DATASET RECORDS >>
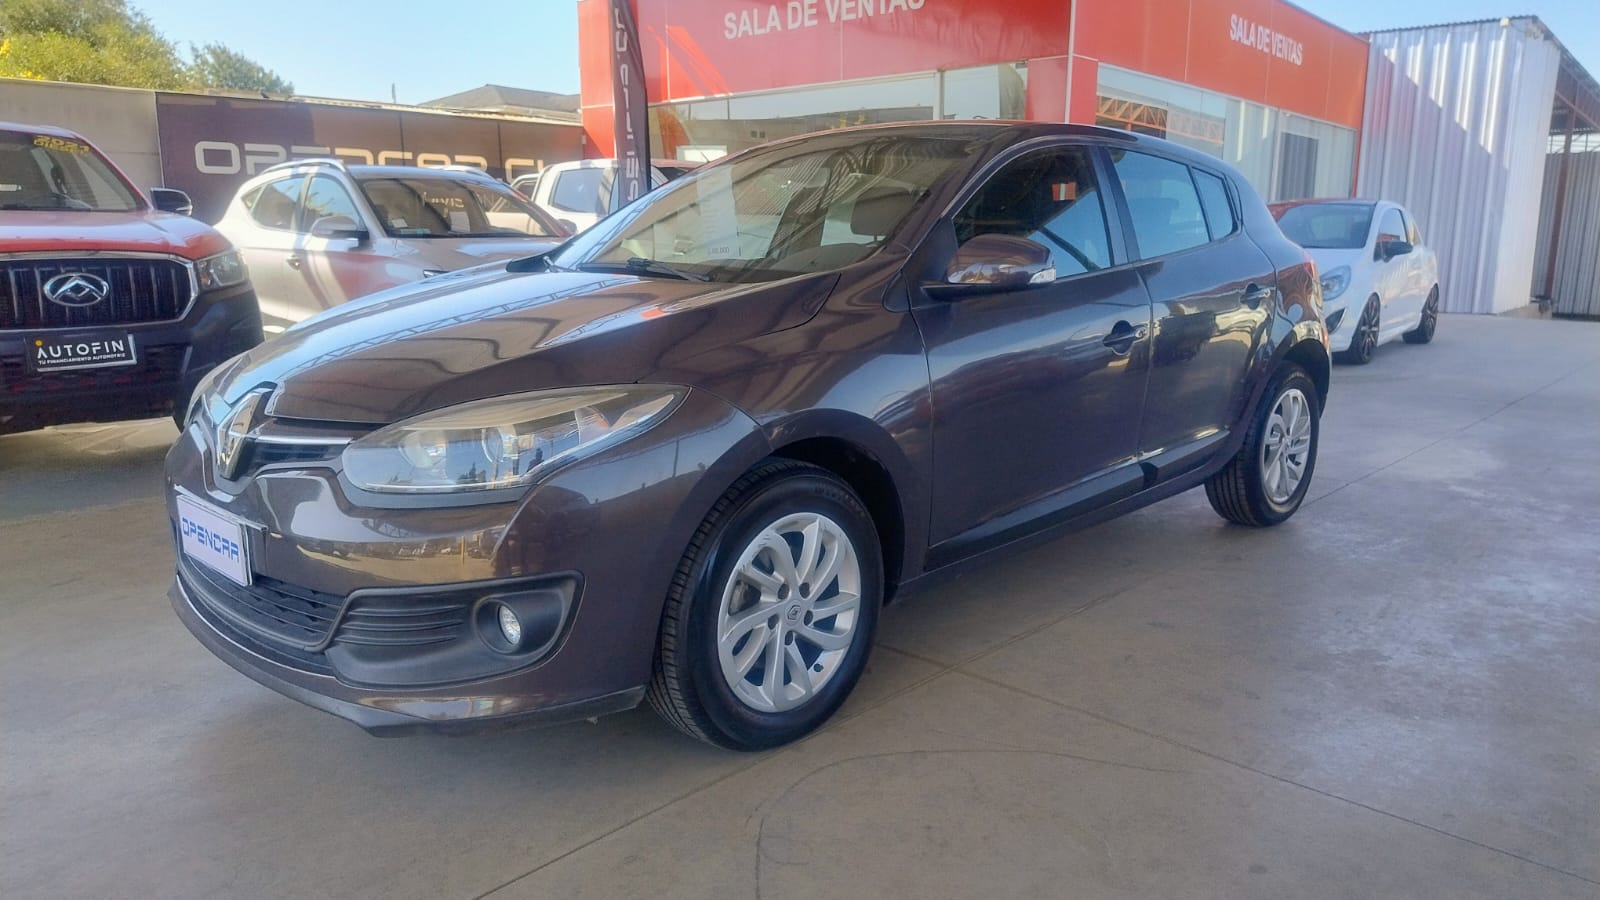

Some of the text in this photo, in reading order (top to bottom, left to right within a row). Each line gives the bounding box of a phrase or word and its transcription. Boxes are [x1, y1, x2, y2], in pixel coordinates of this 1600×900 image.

[724, 5, 781, 40] SALA
[787, 0, 818, 30] DE
[1230, 14, 1303, 66] SALA DE VENTAS
[37, 340, 124, 358] AUTOFIN
[182, 517, 239, 562] OPENCAR
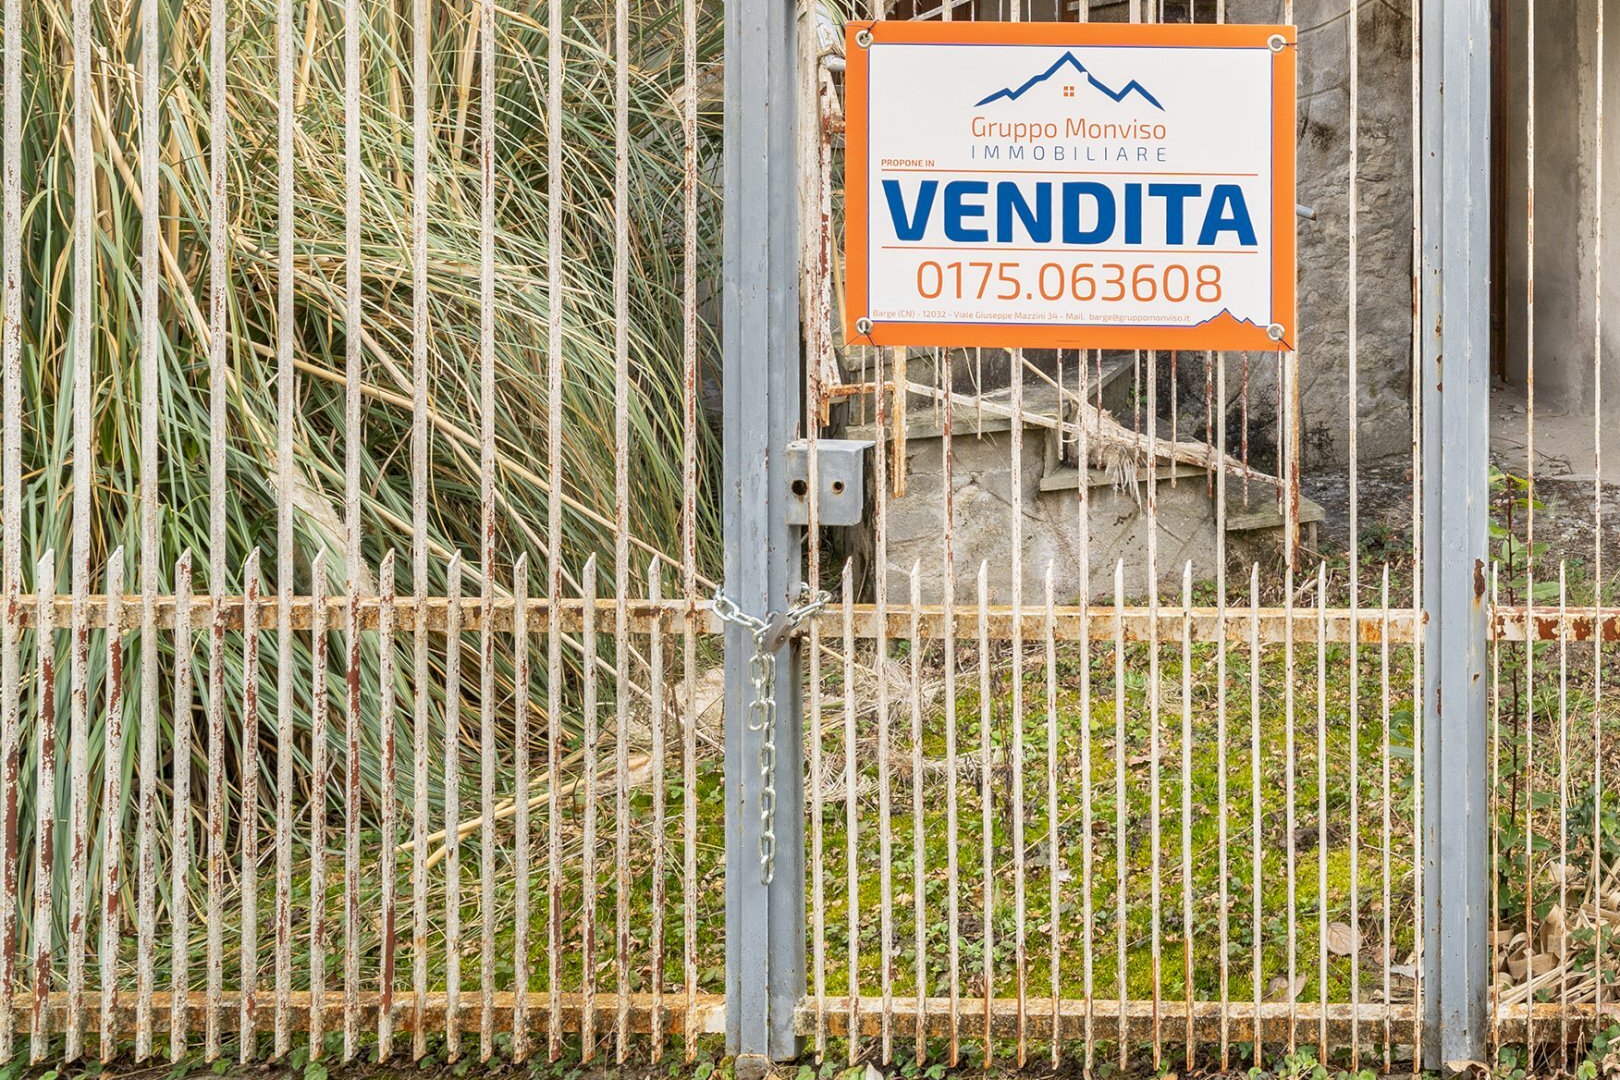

EXERCISE INSTRUCTIONS >>
Your answer should be an exact copy of the records above, with no pictures in it.

REPLY >>
Some of the text in this photo, in reading order (top to bottom, left to right within a row). Each line gives the bounding box of a phrase or word and its transcription. Boxes are [x1, y1, x2, y2], in pixel coordinates of this 1600×900 image.

[724, 5, 781, 40] SALA
[787, 0, 818, 30] DE
[1230, 14, 1303, 66] SALA DE VENTAS
[37, 340, 124, 358] AUTOFIN
[182, 517, 239, 562] OPENCAR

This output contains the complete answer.